Data to use section start
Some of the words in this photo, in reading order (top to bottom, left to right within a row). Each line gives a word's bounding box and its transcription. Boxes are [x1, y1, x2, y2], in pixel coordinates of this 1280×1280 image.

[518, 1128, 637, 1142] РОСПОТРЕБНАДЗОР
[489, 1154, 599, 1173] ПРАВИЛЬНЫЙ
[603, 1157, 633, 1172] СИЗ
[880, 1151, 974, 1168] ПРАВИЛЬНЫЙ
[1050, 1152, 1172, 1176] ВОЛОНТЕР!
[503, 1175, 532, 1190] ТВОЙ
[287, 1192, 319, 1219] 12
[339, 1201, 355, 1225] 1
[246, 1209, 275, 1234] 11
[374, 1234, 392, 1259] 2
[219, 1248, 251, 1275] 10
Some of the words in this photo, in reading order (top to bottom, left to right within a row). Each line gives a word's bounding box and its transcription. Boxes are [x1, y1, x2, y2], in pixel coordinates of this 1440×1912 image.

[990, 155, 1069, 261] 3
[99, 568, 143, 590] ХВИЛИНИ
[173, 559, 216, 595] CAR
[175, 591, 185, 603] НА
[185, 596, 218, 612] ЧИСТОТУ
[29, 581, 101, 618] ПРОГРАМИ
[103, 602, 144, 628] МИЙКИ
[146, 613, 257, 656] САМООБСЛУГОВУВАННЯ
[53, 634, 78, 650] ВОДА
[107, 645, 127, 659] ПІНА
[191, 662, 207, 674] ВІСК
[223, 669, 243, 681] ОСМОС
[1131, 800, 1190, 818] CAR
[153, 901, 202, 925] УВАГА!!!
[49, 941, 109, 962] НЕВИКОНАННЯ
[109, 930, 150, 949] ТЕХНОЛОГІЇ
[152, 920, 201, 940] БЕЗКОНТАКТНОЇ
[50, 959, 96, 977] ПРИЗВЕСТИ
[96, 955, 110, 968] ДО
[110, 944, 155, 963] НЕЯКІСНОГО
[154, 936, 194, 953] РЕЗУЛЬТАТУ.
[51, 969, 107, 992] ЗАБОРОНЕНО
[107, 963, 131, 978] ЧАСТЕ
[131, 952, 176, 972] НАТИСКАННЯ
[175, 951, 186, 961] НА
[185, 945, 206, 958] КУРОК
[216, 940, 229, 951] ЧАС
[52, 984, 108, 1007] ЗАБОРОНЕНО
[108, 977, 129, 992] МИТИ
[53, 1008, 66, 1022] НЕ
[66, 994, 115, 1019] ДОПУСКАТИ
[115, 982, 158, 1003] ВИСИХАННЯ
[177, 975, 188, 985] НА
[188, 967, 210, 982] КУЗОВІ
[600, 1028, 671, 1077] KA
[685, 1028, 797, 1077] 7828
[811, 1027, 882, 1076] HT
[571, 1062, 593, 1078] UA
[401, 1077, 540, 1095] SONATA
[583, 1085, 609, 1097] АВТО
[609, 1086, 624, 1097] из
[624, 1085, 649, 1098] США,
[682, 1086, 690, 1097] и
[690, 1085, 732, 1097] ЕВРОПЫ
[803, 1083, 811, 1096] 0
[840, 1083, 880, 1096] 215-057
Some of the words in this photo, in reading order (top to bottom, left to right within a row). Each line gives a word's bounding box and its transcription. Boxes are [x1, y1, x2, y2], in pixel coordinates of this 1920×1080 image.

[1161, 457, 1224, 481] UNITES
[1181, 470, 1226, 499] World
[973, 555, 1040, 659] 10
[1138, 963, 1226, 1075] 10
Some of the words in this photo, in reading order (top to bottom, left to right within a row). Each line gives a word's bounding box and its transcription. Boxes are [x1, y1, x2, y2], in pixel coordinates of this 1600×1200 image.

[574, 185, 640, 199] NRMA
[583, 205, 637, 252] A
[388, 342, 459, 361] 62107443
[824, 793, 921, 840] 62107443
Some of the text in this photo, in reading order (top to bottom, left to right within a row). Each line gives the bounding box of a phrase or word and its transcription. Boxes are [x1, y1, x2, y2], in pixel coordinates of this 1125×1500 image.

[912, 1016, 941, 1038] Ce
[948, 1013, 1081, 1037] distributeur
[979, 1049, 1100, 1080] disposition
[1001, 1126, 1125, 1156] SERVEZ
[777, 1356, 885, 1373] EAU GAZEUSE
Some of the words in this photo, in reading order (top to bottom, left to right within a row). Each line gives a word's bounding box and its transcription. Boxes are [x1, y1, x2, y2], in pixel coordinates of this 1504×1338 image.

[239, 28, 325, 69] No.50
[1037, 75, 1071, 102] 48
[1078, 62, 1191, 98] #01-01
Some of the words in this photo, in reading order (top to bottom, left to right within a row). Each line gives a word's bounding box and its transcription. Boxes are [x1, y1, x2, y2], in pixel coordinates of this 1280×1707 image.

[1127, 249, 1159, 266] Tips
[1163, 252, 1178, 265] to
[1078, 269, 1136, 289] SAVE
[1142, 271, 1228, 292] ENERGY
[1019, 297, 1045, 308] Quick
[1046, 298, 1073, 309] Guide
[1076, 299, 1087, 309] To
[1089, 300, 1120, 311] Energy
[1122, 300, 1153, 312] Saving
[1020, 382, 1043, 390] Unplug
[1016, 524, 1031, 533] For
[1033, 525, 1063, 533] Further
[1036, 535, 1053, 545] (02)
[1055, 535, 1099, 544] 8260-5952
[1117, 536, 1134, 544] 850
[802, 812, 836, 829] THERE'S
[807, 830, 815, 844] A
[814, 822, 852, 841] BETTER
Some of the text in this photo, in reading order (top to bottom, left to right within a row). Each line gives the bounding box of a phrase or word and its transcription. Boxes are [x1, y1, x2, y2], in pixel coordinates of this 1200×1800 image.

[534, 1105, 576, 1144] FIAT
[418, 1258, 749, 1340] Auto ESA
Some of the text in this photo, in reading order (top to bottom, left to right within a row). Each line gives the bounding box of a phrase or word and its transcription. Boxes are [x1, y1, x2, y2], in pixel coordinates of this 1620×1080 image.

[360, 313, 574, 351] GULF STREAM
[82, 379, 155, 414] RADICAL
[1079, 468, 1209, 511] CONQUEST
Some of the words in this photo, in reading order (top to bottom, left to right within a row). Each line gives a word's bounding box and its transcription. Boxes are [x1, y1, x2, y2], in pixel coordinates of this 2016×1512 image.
Data to use section end
* **Exercise directions**:
Copy out every entry above exactly.

* **The answer**:
Some of the words in this photo, in reading order (top to bottom, left to right within a row). Each line gives a word's bounding box and its transcription. Boxes are [x1, y1, x2, y2], in pixel coordinates of this 1280×1280 image.

[518, 1128, 637, 1142] РОСПОТРЕБНАДЗОР
[489, 1154, 599, 1173] ПРАВИЛЬНЫЙ
[603, 1157, 633, 1172] СИЗ
[880, 1151, 974, 1168] ПРАВИЛЬНЫЙ
[1050, 1152, 1172, 1176] ВОЛОНТЕР!
[503, 1175, 532, 1190] ТВОЙ
[287, 1192, 319, 1219] 12
[339, 1201, 355, 1225] 1
[246, 1209, 275, 1234] 11
[374, 1234, 392, 1259] 2
[219, 1248, 251, 1275] 10
Some of the words in this photo, in reading order (top to bottom, left to right within a row). Each line gives a word's bounding box and its transcription. Boxes are [x1, y1, x2, y2], in pixel coordinates of this 1440×1912 image.

[990, 155, 1069, 261] 3
[99, 568, 143, 590] ХВИЛИНИ
[173, 559, 216, 595] CAR
[175, 591, 185, 603] НА
[185, 596, 218, 612] ЧИСТОТУ
[29, 581, 101, 618] ПРОГРАМИ
[103, 602, 144, 628] МИЙКИ
[146, 613, 257, 656] САМООБСЛУГОВУВАННЯ
[53, 634, 78, 650] ВОДА
[107, 645, 127, 659] ПІНА
[191, 662, 207, 674] ВІСК
[223, 669, 243, 681] ОСМОС
[1131, 800, 1190, 818] CAR
[153, 901, 202, 925] УВАГА!!!
[49, 941, 109, 962] НЕВИКОНАННЯ
[109, 930, 150, 949] ТЕХНОЛОГІЇ
[152, 920, 201, 940] БЕЗКОНТАКТНОЇ
[50, 959, 96, 977] ПРИЗВЕСТИ
[96, 955, 110, 968] ДО
[110, 944, 155, 963] НЕЯКІСНОГО
[154, 936, 194, 953] РЕЗУЛЬТАТУ.
[51, 969, 107, 992] ЗАБОРОНЕНО
[107, 963, 131, 978] ЧАСТЕ
[131, 952, 176, 972] НАТИСКАННЯ
[175, 951, 186, 961] НА
[185, 945, 206, 958] КУРОК
[216, 940, 229, 951] ЧАС
[52, 984, 108, 1007] ЗАБОРОНЕНО
[108, 977, 129, 992] МИТИ
[53, 1008, 66, 1022] НЕ
[66, 994, 115, 1019] ДОПУСКАТИ
[115, 982, 158, 1003] ВИСИХАННЯ
[177, 975, 188, 985] НА
[188, 967, 210, 982] КУЗОВІ
[600, 1028, 671, 1077] KA
[685, 1028, 797, 1077] 7828
[811, 1027, 882, 1076] HT
[571, 1062, 593, 1078] UA
[401, 1077, 540, 1095] SONATA
[583, 1085, 609, 1097] АВТО
[609, 1086, 624, 1097] из
[624, 1085, 649, 1098] США,
[682, 1086, 690, 1097] и
[690, 1085, 732, 1097] ЕВРОПЫ
[803, 1083, 811, 1096] 0
[840, 1083, 880, 1096] 215-057
Some of the words in this photo, in reading order (top to bottom, left to right within a row). Each line gives a word's bounding box and its transcription. Boxes are [x1, y1, x2, y2], in pixel coordinates of this 1920×1080 image.

[1161, 457, 1224, 481] UNITES
[1181, 470, 1226, 499] World
[973, 555, 1040, 659] 10
[1138, 963, 1226, 1075] 10
Some of the words in this photo, in reading order (top to bottom, left to right within a row). Each line gives a word's bounding box and its transcription. Boxes are [x1, y1, x2, y2], in pixel coordinates of this 1600×1200 image.

[574, 185, 640, 199] NRMA
[583, 205, 637, 252] A
[388, 342, 459, 361] 62107443
[824, 793, 921, 840] 62107443
Some of the text in this photo, in reading order (top to bottom, left to right within a row). Each line gives the bounding box of a phrase or word and its transcription. Boxes are [x1, y1, x2, y2], in pixel coordinates of this 1125×1500 image.

[912, 1016, 941, 1038] Ce
[948, 1013, 1081, 1037] distributeur
[979, 1049, 1100, 1080] disposition
[1001, 1126, 1125, 1156] SERVEZ
[777, 1356, 885, 1373] EAU GAZEUSE
Some of the words in this photo, in reading order (top to bottom, left to right within a row). Each line gives a word's bounding box and its transcription. Boxes are [x1, y1, x2, y2], in pixel coordinates of this 1504×1338 image.

[239, 28, 325, 69] No.50
[1037, 75, 1071, 102] 48
[1078, 62, 1191, 98] #01-01
Some of the words in this photo, in reading order (top to bottom, left to right within a row). Each line gives a word's bounding box and its transcription. Boxes are [x1, y1, x2, y2], in pixel coordinates of this 1280×1707 image.

[1127, 249, 1159, 266] Tips
[1163, 252, 1178, 265] to
[1078, 269, 1136, 289] SAVE
[1142, 271, 1228, 292] ENERGY
[1019, 297, 1045, 308] Quick
[1046, 298, 1073, 309] Guide
[1076, 299, 1087, 309] To
[1089, 300, 1120, 311] Energy
[1122, 300, 1153, 312] Saving
[1020, 382, 1043, 390] Unplug
[1016, 524, 1031, 533] For
[1033, 525, 1063, 533] Further
[1036, 535, 1053, 545] (02)
[1055, 535, 1099, 544] 8260-5952
[1117, 536, 1134, 544] 850
[802, 812, 836, 829] THERE'S
[807, 830, 815, 844] A
[814, 822, 852, 841] BETTER
Some of the text in this photo, in reading order (top to bottom, left to right within a row). Each line gives the bounding box of a phrase or word and its transcription. Boxes are [x1, y1, x2, y2], in pixel coordinates of this 1200×1800 image.

[534, 1105, 576, 1144] FIAT
[418, 1258, 749, 1340] Auto ESA
Some of the text in this photo, in reading order (top to bottom, left to right within a row). Each line gives the bounding box of a phrase or word and its transcription. Boxes are [x1, y1, x2, y2], in pixel coordinates of this 1620×1080 image.

[360, 313, 574, 351] GULF STREAM
[82, 379, 155, 414] RADICAL
[1079, 468, 1209, 511] CONQUEST
Some of the words in this photo, in reading order (top to bottom, left to right within a row). Each line gives a word's bounding box and its transcription. Boxes are [x1, y1, x2, y2], in pixel coordinates of this 2016×1512 image.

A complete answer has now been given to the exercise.